The publication also quoted the Elections Act, wherein it provides that a person who, by abduction, duress or any fraudulent device or contrivance, impedes or prevents the free exercise of the vote of any voter, commits an offence of undue influence.


Therefore, this person shall on conviction be liable to pay a fine not exceeding E10 000 or imprisonment for a period not exceeding two years or both.
This person also faces the fine or imprisonment if he or she compels, induces or prevails upon any voter either to give or to refrain from giving the person’s vote at any election. Under the Voters Registration Act, 2013, undue influence, in terms of Section 36, carries a fine not exceeding 10 years or imprisonment for a term not exceeding one year or both. However, Section 33 of the Voters Registration Act provides that a person who uses force or threats to prevent another one from exercising his or her right to register as a voter is liable on conviction to a fine not exceeding E20 000 or to imprisonment for a term not exceeding two years or both.


Another legal provision that people should be made aware of is Section 79, which provides that publishing a false statement of the illness, death or withdrawal from election of a candidate is an illegal practice. “A person who, before or during an election, publishes a false statement of the illness, death or withdrawal from election of a candidate at that election for the purpose of promoting or procuring the election of another candidate, knowing that statement to be false or not believing it to be true, commits an illegal practice,” reads Section 79 (1). Publishing false statement carries a fine not exceeding E20 000 or imprisonment not exceeding three years or both.

The publication reported that people who were calling for the boycott of the elections to an extent that they are determined to sabotage the voting process should be wary of Section 85 of the Act. Section 85 provides that a person who without lawful authority destroys, mutilates, or removes a notice which is exhibited under the authority of this Act, or a document which is made available for inspection in accordance with this Act, commits an offence. It is provided that he or she is liable on conviction to a fine not exceeding E2 000 or, in default of payment of the fine, to imprisonment for a period not exceeding one year.
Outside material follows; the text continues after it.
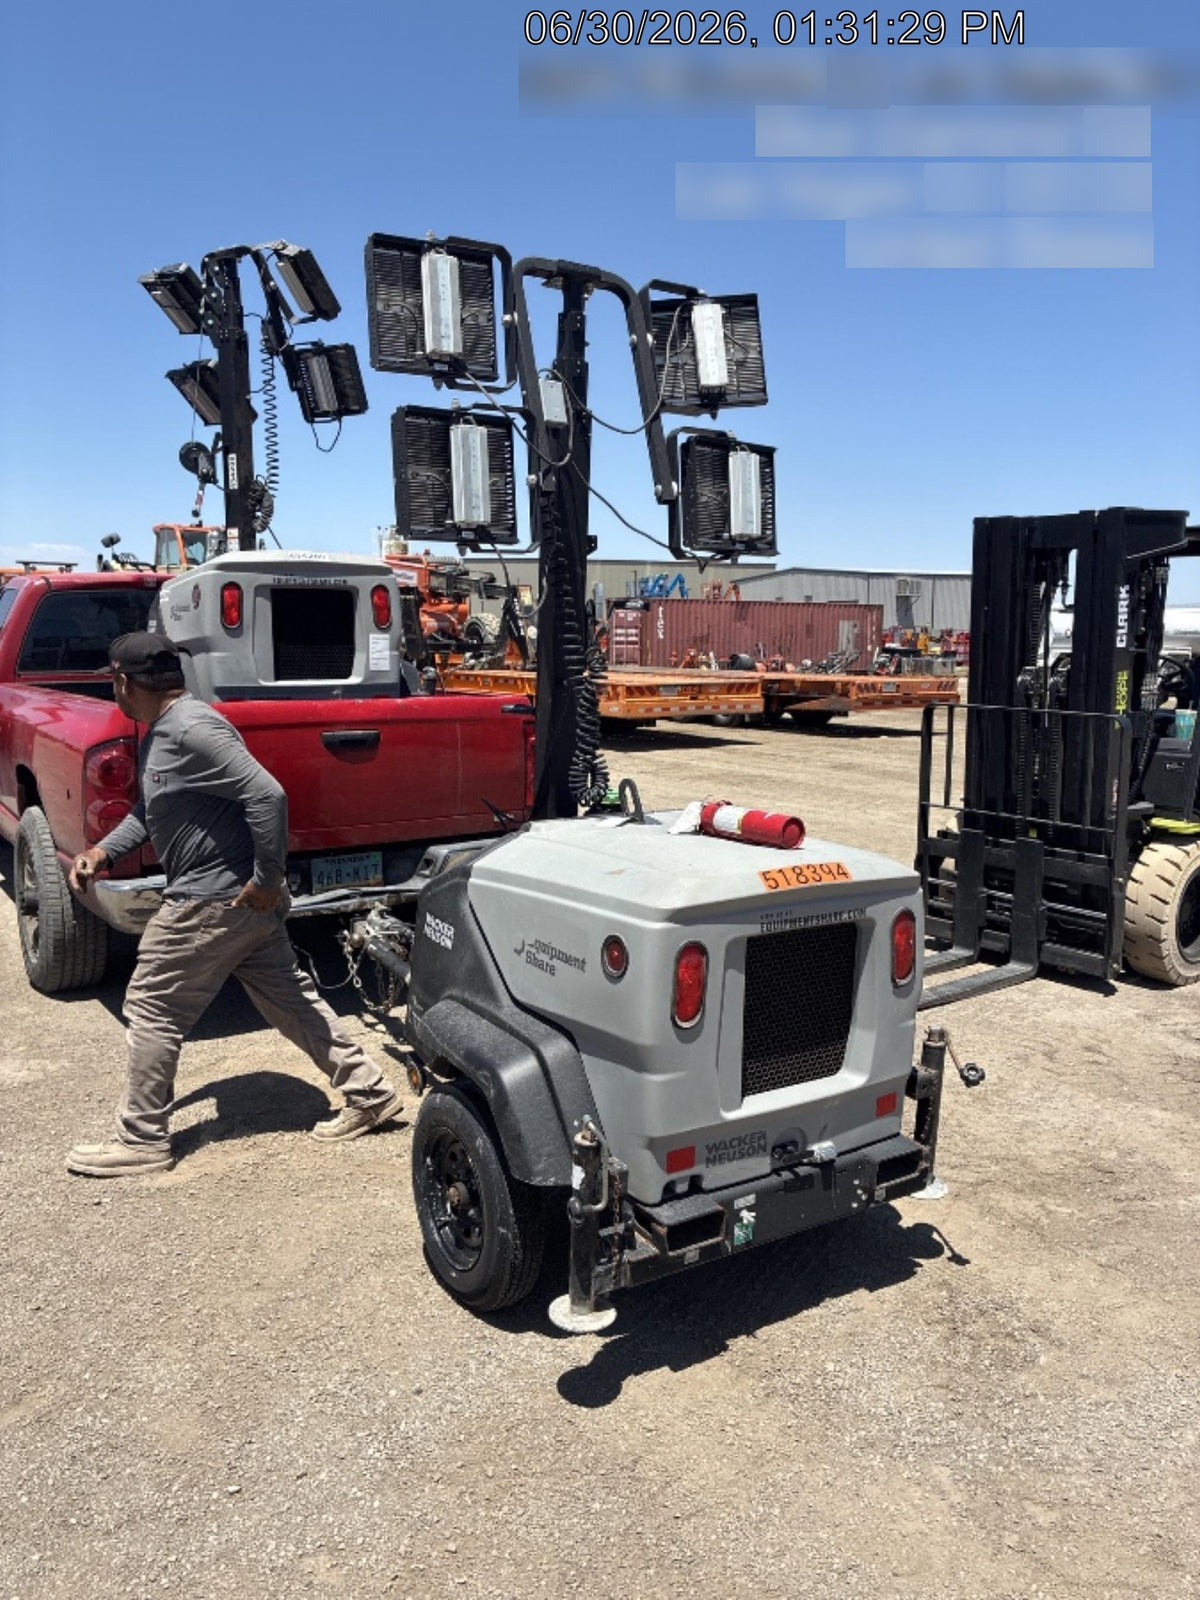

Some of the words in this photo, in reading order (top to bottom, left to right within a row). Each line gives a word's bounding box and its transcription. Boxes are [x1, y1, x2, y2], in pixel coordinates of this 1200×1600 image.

Chief Police Information and Communications Officer Superintendent Phindile Vilakati said there was an ongoing land dispute at Timbutini, which the police were aware of. She said nothing related to the elections had been reported; however, if the public observed and or was intimidated, they should contact the police on their tollfree number 999 or 112. On the reported gang at KaKhoza, Vilakati said nothing had been reported to them but should there be cases of same, the public should make use of the tollfree number.